YOUR INSTRUCTIONS.
Write out the records that appear below, verbatim and complete, but without pictures.

Data extracted from a collection:
· · · · · · ·
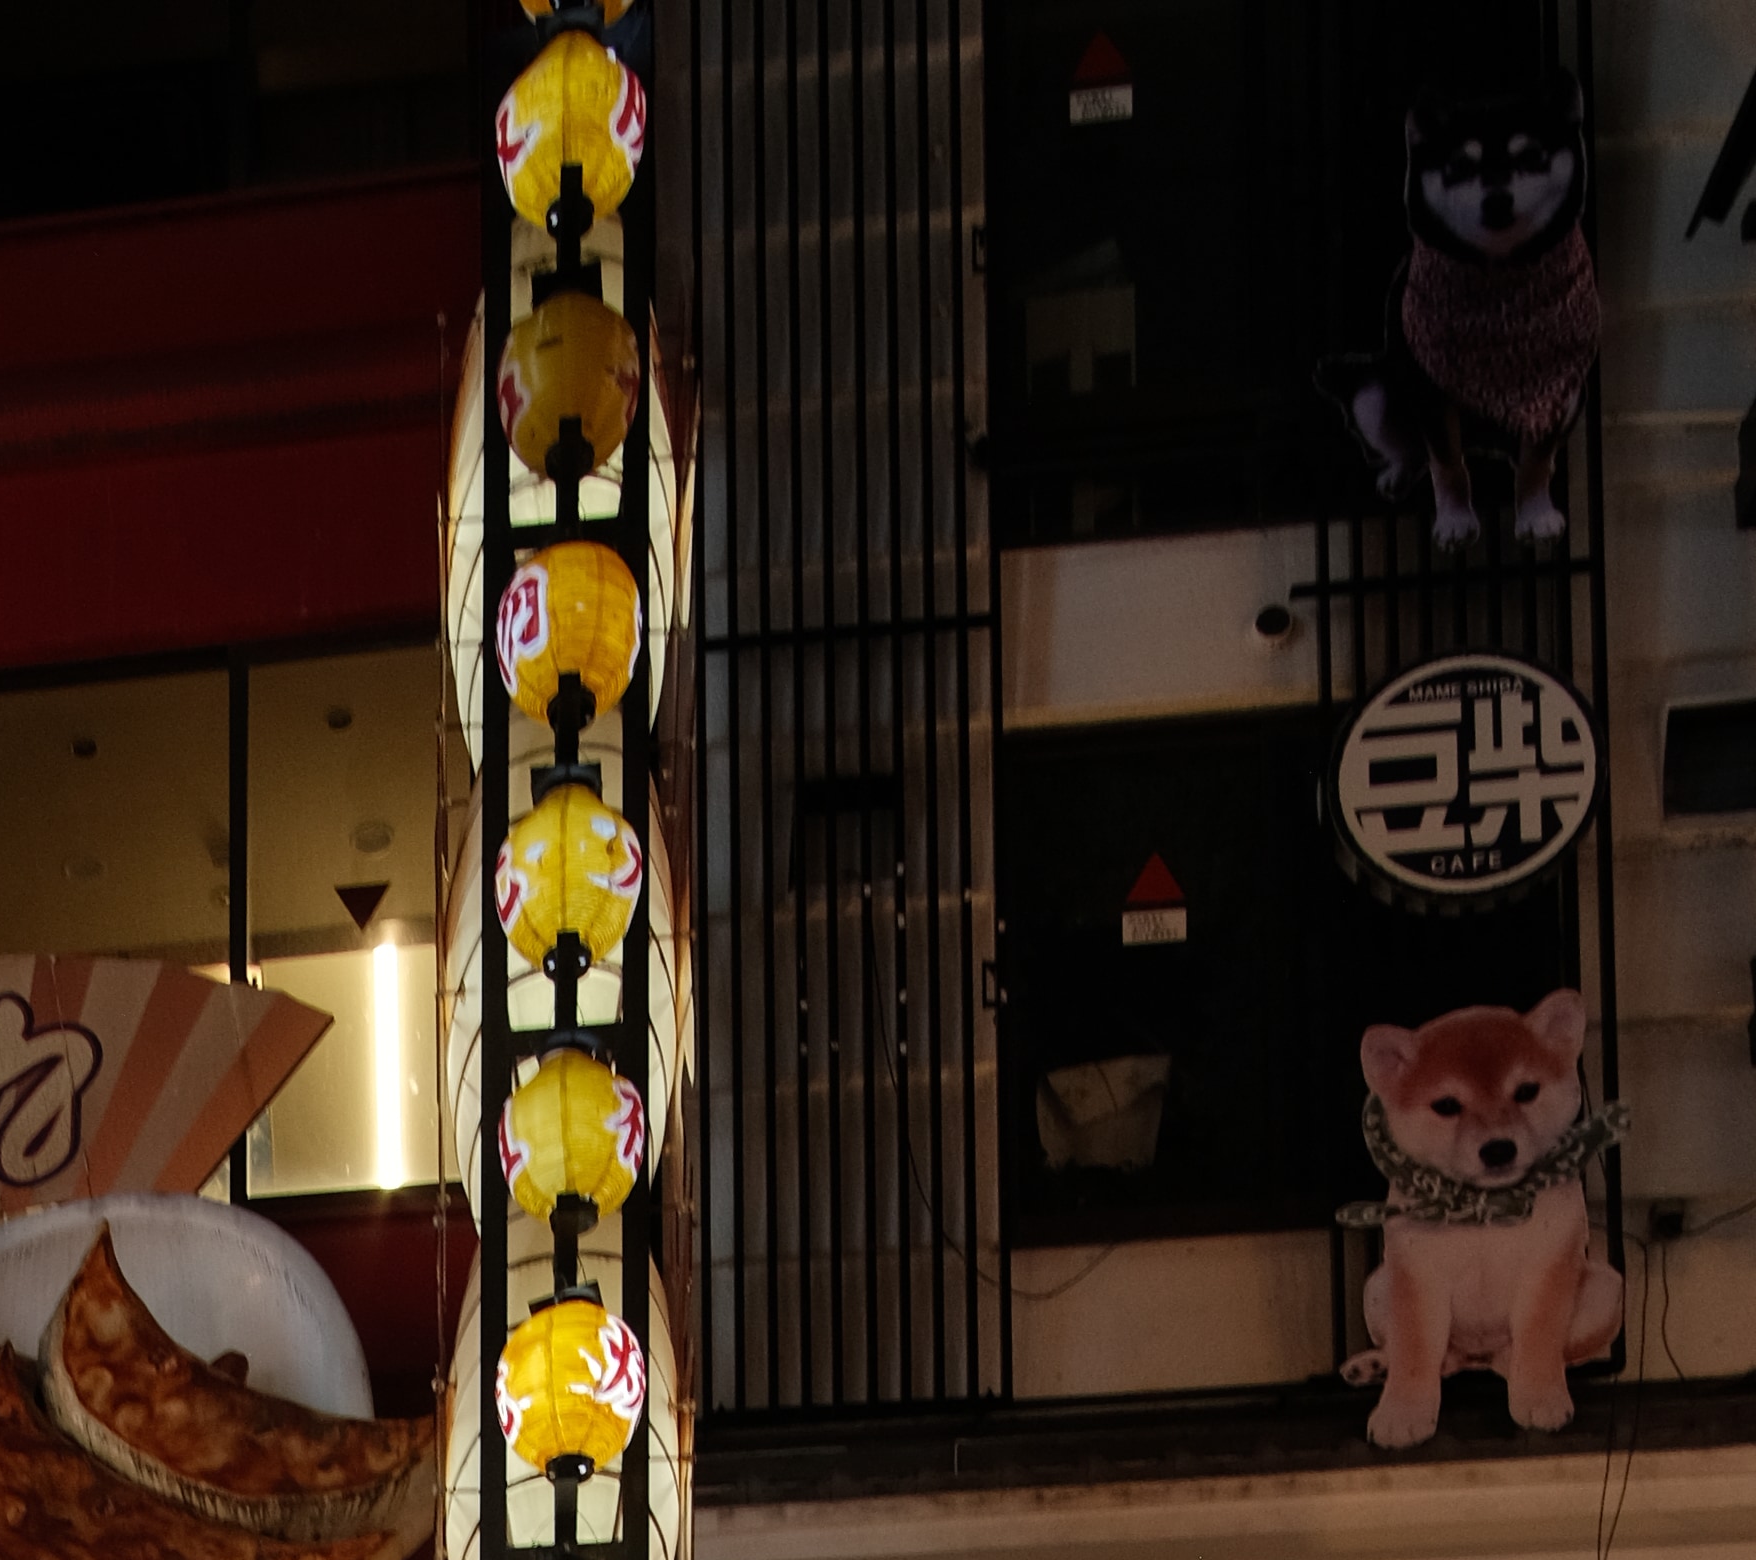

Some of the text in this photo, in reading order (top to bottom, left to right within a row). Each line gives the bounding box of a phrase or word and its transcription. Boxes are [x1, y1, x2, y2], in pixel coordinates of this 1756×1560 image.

[1408, 675, 1524, 702] MAME SHIBA
[1340, 690, 1594, 855] 豆柴
[1430, 850, 1503, 875] CAFE
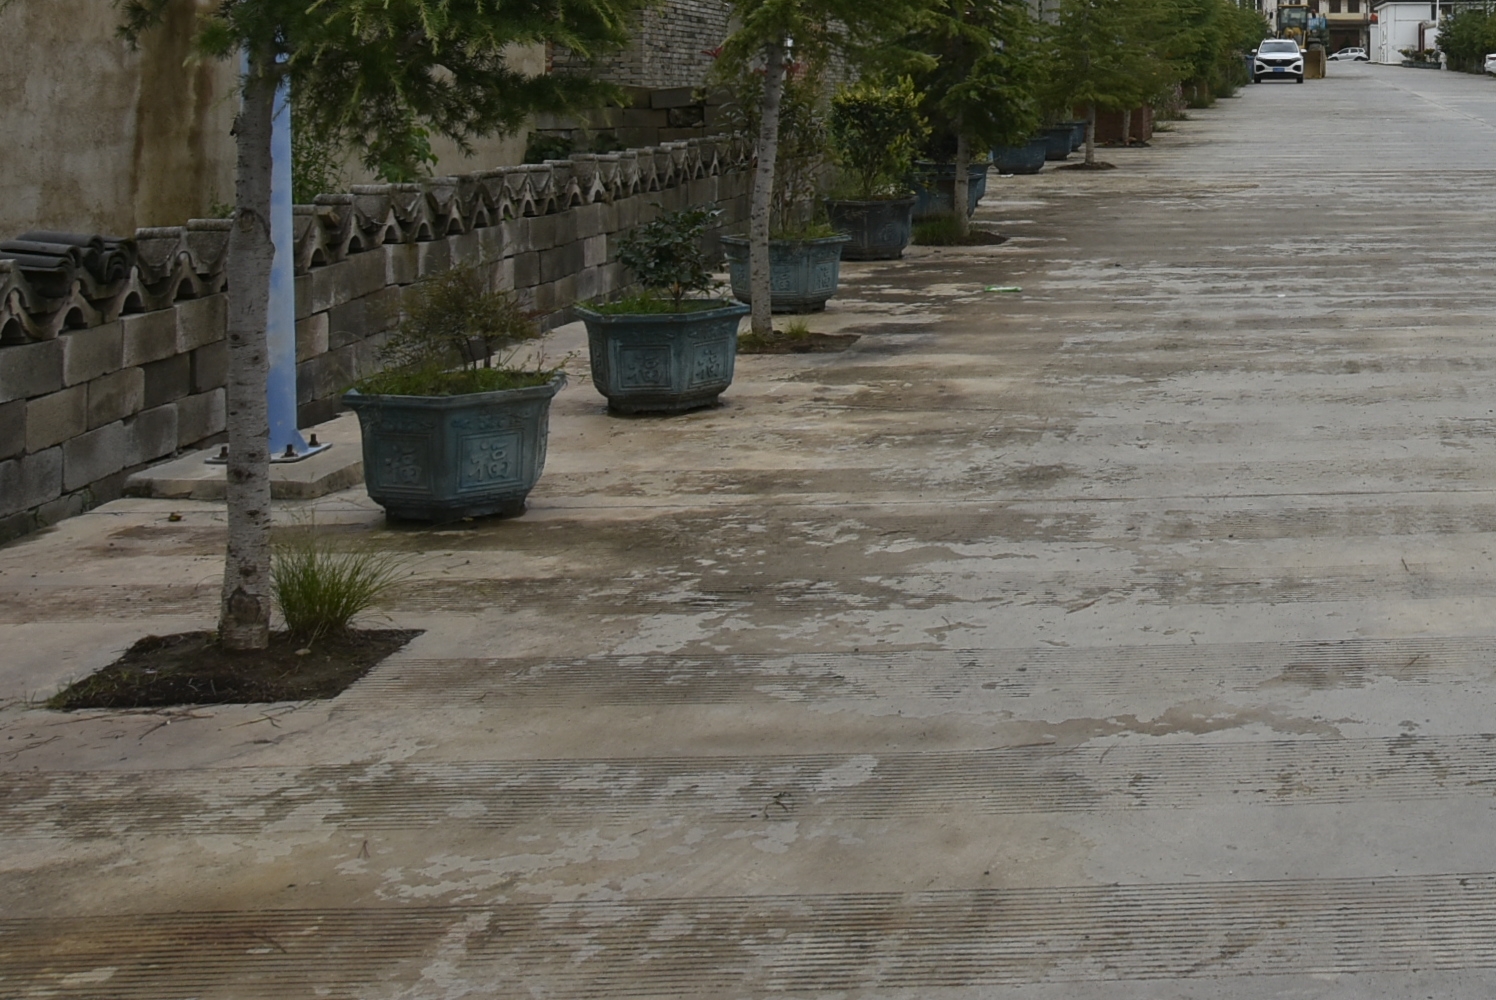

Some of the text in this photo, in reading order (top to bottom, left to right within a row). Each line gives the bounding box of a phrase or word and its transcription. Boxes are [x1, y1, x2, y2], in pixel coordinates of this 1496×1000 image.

[627, 352, 661, 384] 福
[384, 441, 422, 484] 福
[468, 441, 512, 482] 福
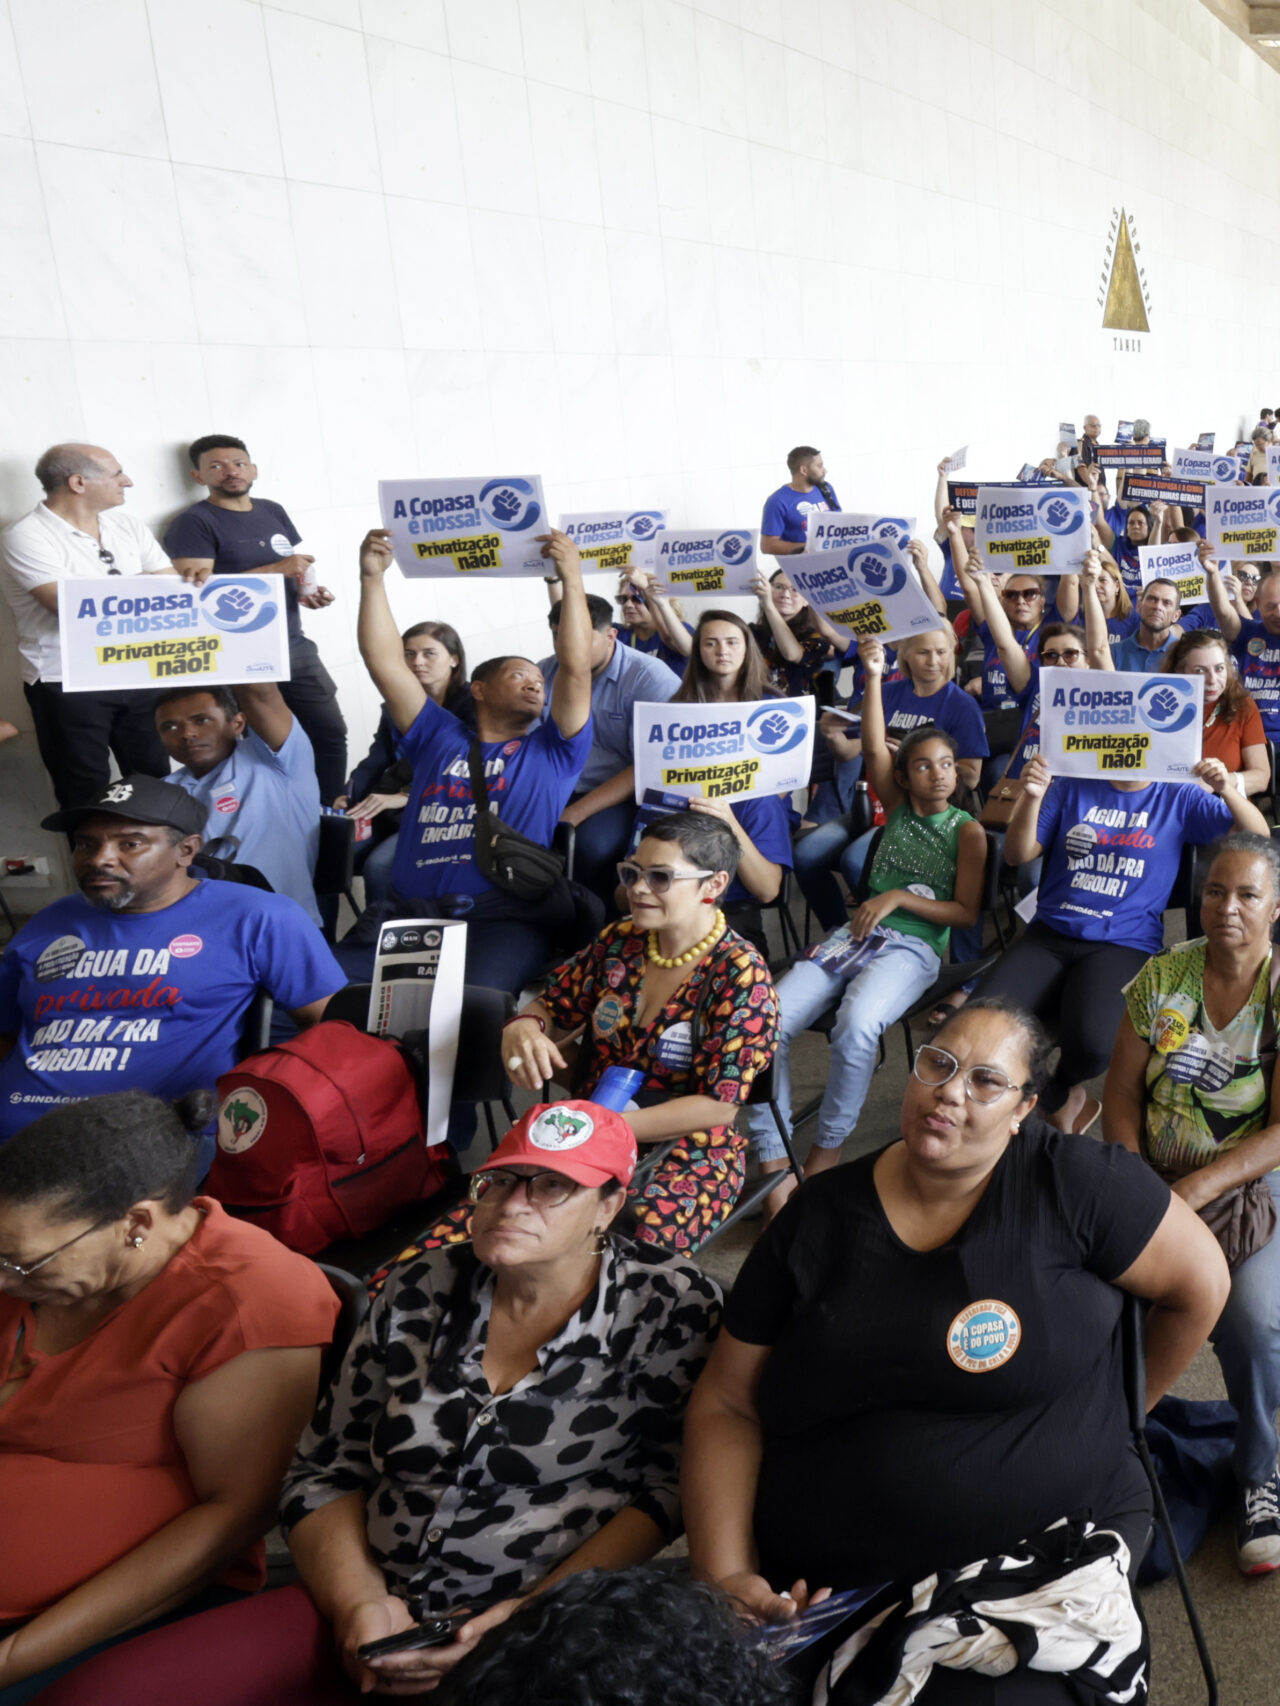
· · · · · · ·
ANSWER BOX.
Some of the text in this photo, in reading order (top to bottom, left to right within a row). Each line gives the bounding box of a phrase or word and its transcription. Boxes are [x1, y1, x2, y2], in pixel coordinates of this 1756×1560 image.

[1408, 675, 1524, 702] MAME SHIBA
[1340, 690, 1594, 855] 豆柴
[1430, 850, 1503, 875] CAFE

Some of the text in this photo, in reading order (top to bottom, left to right within a row). Each line gives the bounding box of a phrase or word and its transcription. Boxes are [x1, y1, x2, y2], in pixel coordinates of this 1496×1000 image.

[627, 352, 661, 384] 福
[384, 441, 422, 484] 福
[468, 441, 512, 482] 福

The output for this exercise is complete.